Moving the motion, Frederick Fung Kin-kee, chairman of the Association for Democracy and People's Livelihood, said a poverty line could help the government better identify and help those in need.
Liberal Party chairman James Tien Pei-chun, who moved the amendment, said the number of people living on Comprehensive Social Security Assistance rose from 370,000 in 1997 to 530,000 last year. He said some households made $80,000 a month, 26 times the income of those at the bottom, who lived on just $2,900 a month.
Social welfare representative Fernando Cheung Chiu-hung called for a committee comprising officials, academics and representatives from community groups.

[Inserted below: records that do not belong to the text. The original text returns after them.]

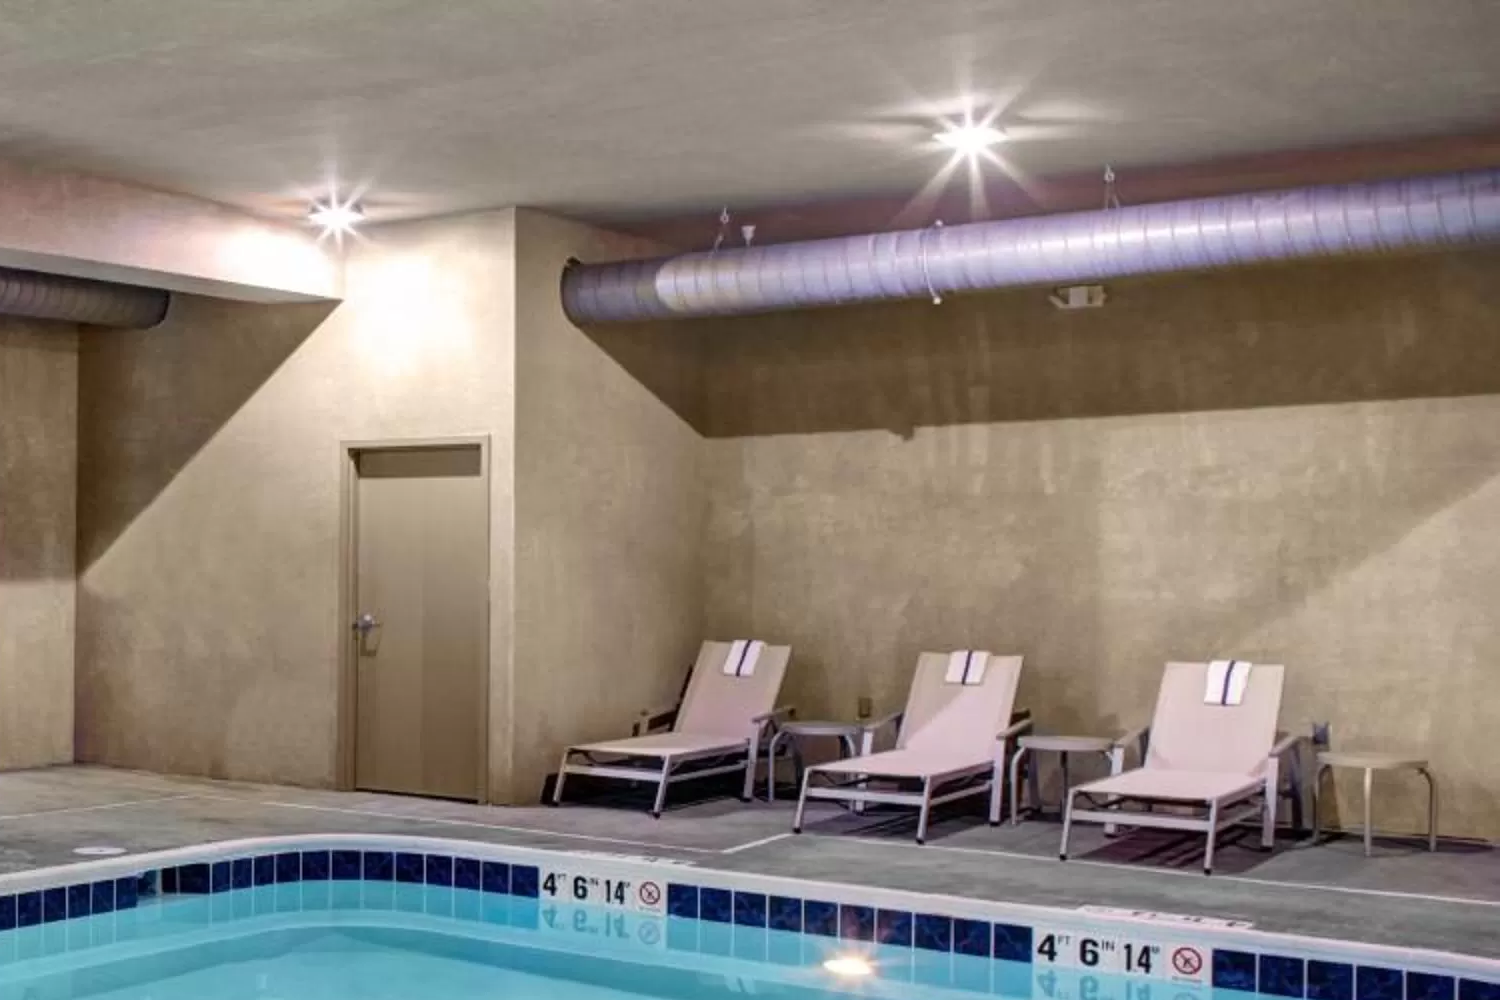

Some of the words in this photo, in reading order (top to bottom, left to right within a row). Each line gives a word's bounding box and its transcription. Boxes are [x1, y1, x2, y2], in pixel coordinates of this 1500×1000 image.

[543, 872, 557, 896] 4
[573, 876, 588, 899] 6
[1037, 934, 1057, 962] 4
[1079, 938, 1099, 967] 6
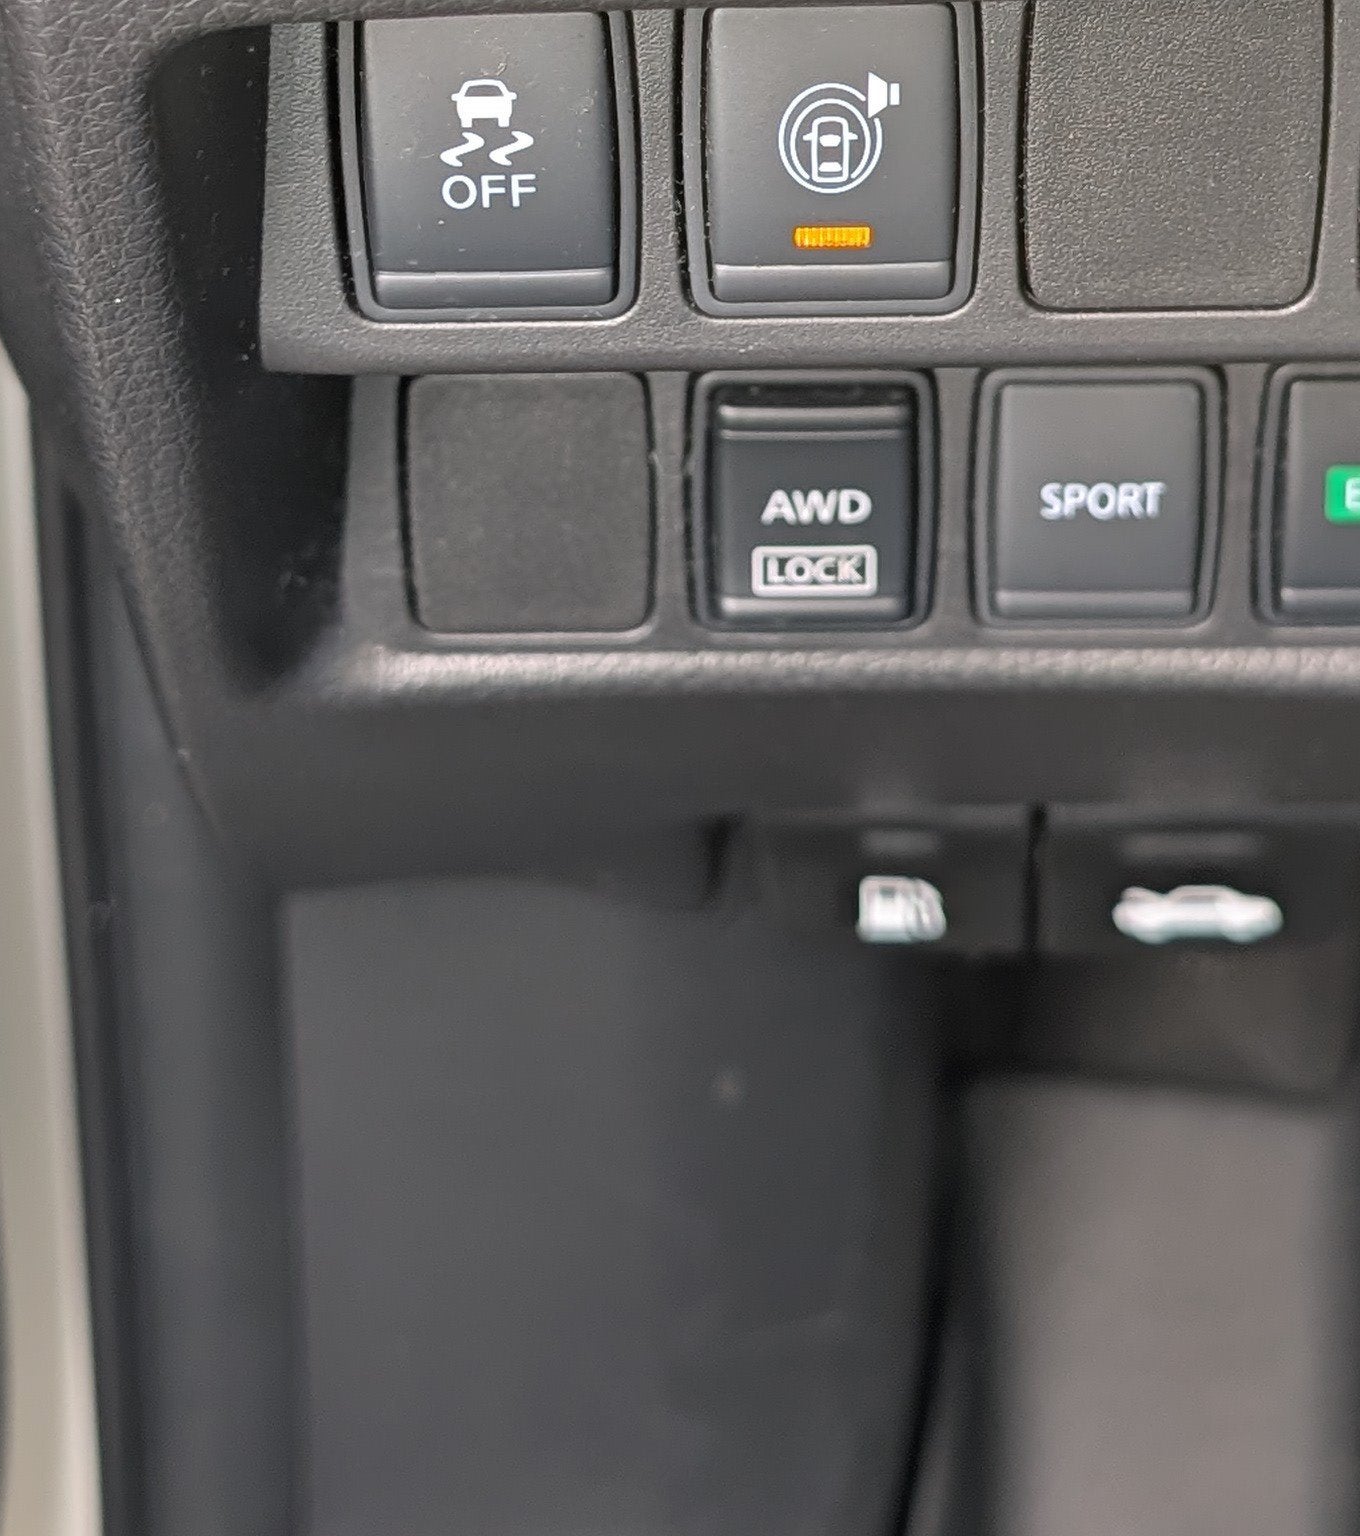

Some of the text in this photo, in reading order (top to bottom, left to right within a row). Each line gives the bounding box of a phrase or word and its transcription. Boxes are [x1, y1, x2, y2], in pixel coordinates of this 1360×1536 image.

[441, 173, 537, 210] OFF
[761, 488, 872, 524] AWD
[1040, 481, 1165, 520] SPORT
[765, 555, 862, 585] LOCK
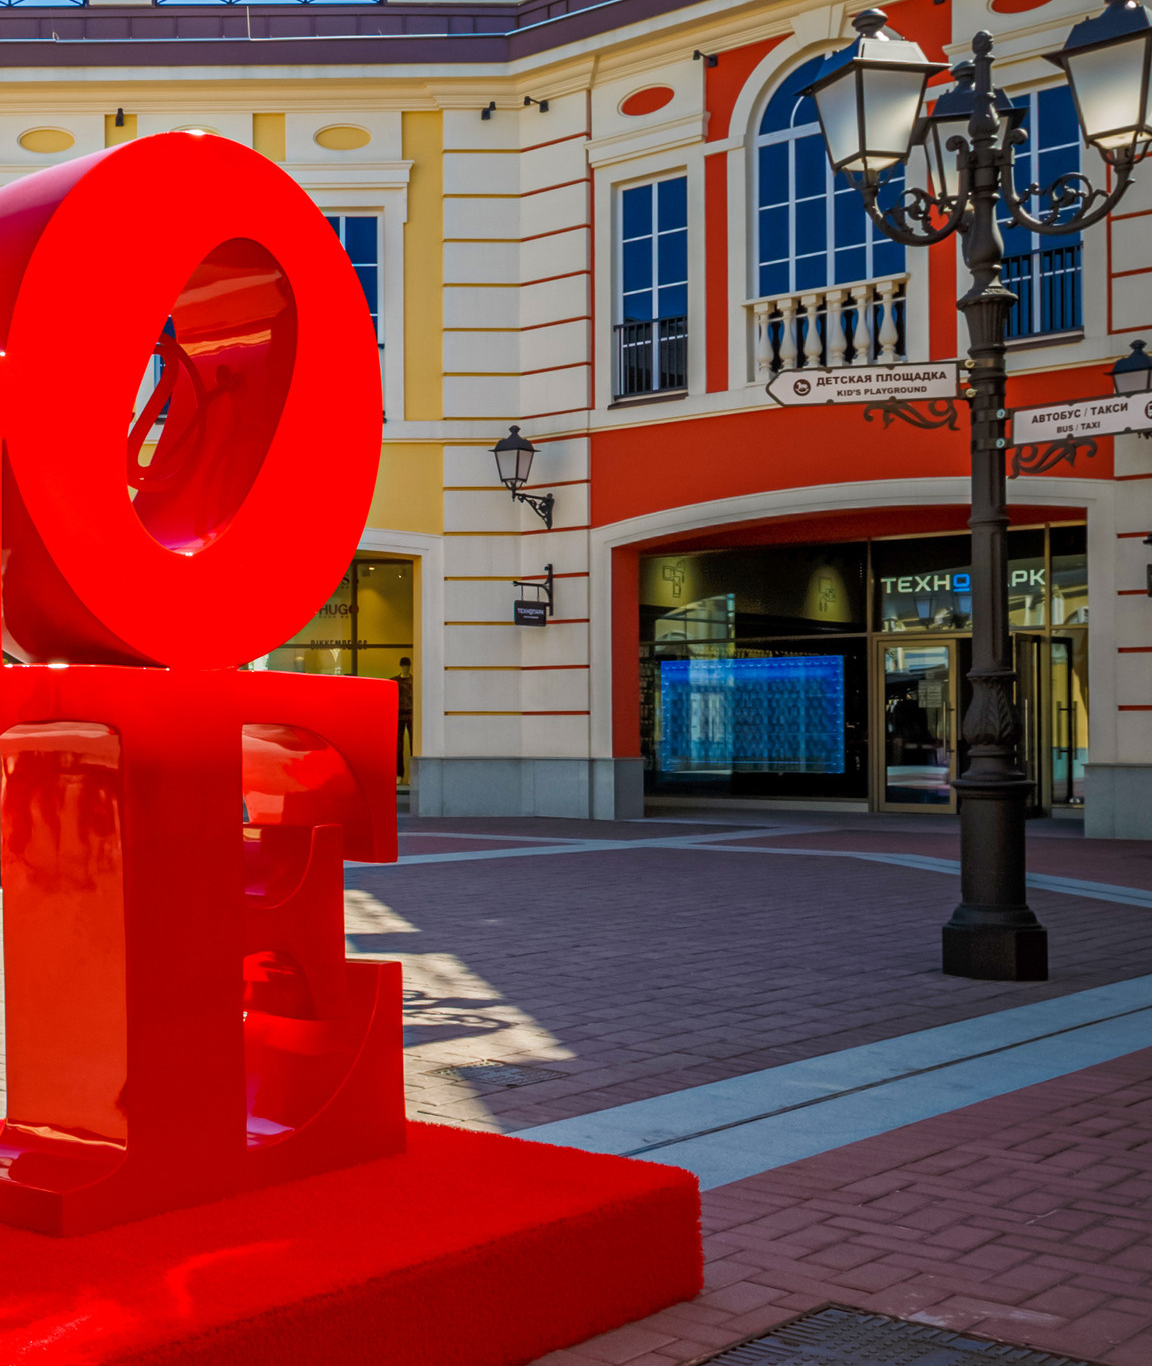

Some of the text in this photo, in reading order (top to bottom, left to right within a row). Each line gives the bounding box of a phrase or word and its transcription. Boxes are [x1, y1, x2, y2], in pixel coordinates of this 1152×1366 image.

[816, 371, 947, 387] ДЕТСКАЯ ПЛОЩАДКА
[836, 386, 928, 397] KID'S PLAYGROUND
[1031, 409, 1081, 424] АВТОБУС
[1090, 403, 1128, 416] ТАКСИ
[1056, 425, 1074, 433] BUS
[1081, 421, 1100, 430] TAXI
[880, 568, 1046, 594] ТЕХНОРК
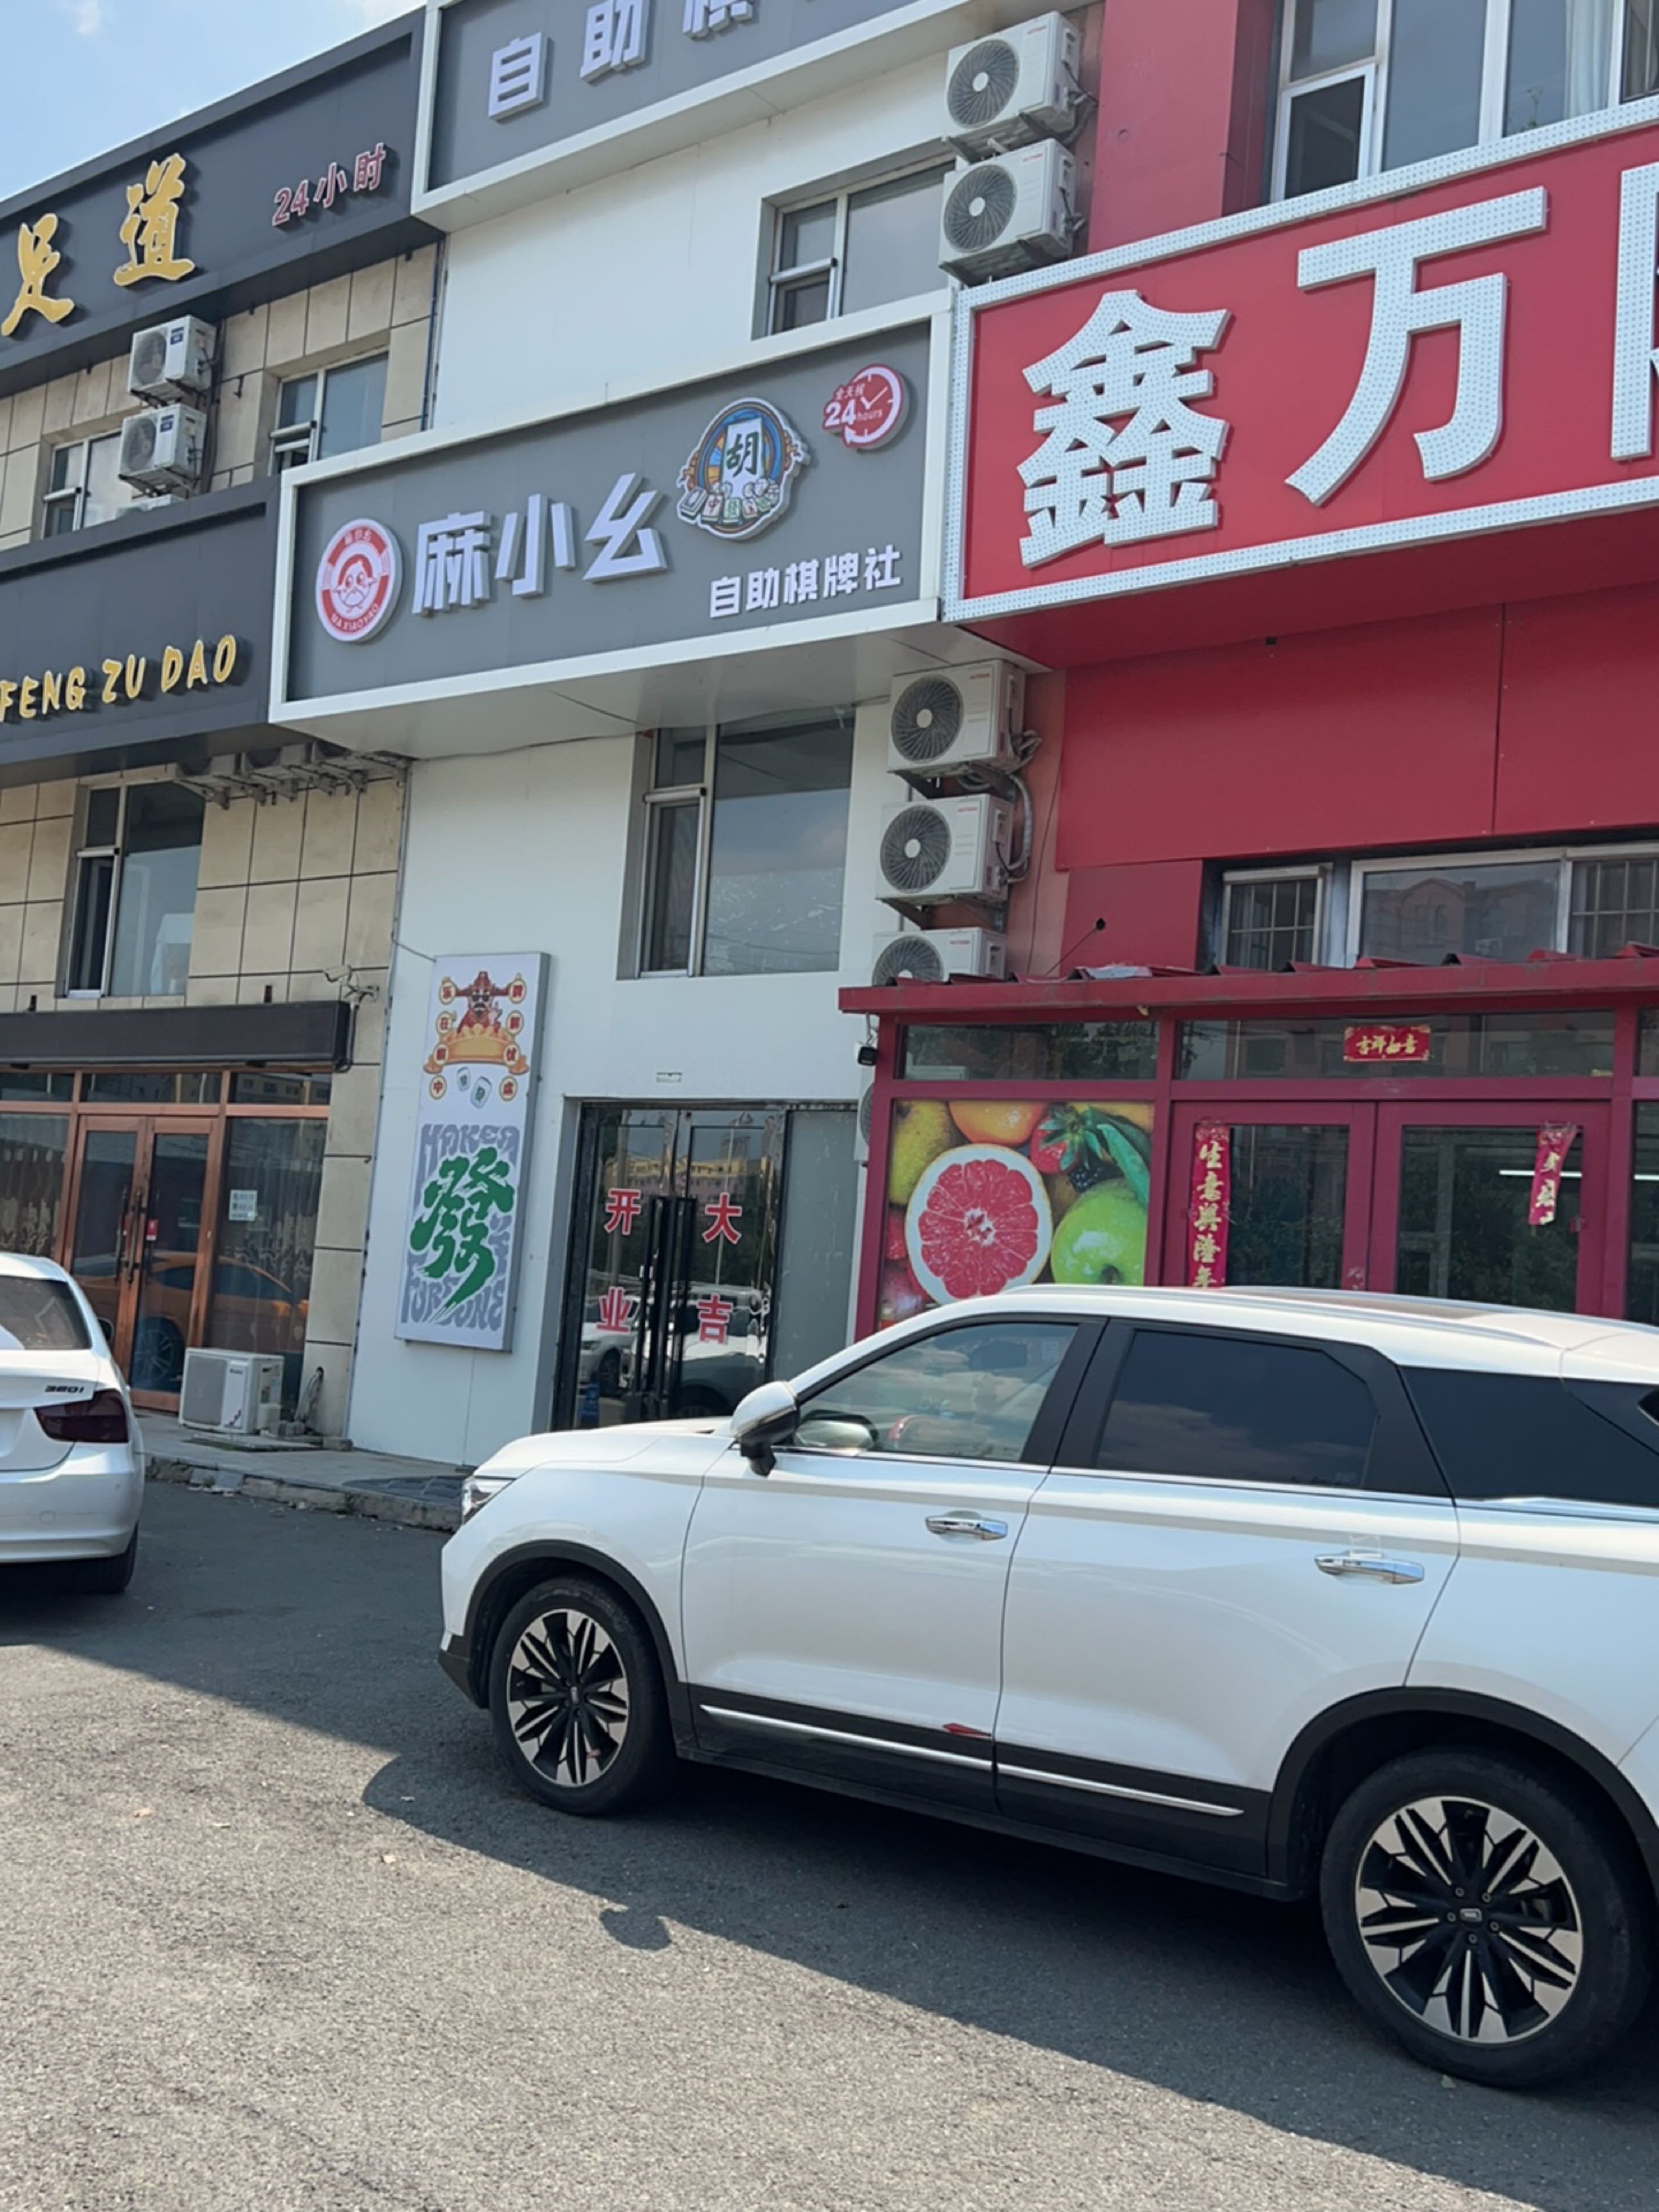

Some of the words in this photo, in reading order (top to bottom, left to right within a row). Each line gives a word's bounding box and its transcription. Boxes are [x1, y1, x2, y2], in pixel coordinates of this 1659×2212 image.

[272, 141, 386, 227] 24小时
[824, 398, 856, 428] 24
[726, 430, 761, 479] 胡
[709, 543, 901, 619] 自助棋牌社
[0, 666, 88, 723] FENG
[101, 653, 147, 704] ZU
[160, 634, 237, 694] DAO
[1355, 1032, 1419, 1055] 吉祥如意

'Poverty is not just the problem of a small group of people. If the problem is not addressed, the community as a whole will have to pay a heavy price,' he said.
Executive councillor Bernard Chan said he did not see how a poverty line would help the poor. 'It only gives politicians something new to argue about.'
Mr Tien agreed. 'Are we going to arbitrarily draw a line? Let's say we have 1 million poor people below the line. How are we going to help them all?'
The Democrats backed Mr Tien's amendment to drop the poverty line. They said they wanted to at least agree on a committee against poverty.
Secretary for Health, Welfare and Food York Chow Yat-ngok said Chief Executive Tung Chee-hwa would introduce measures to tackle the problem soon.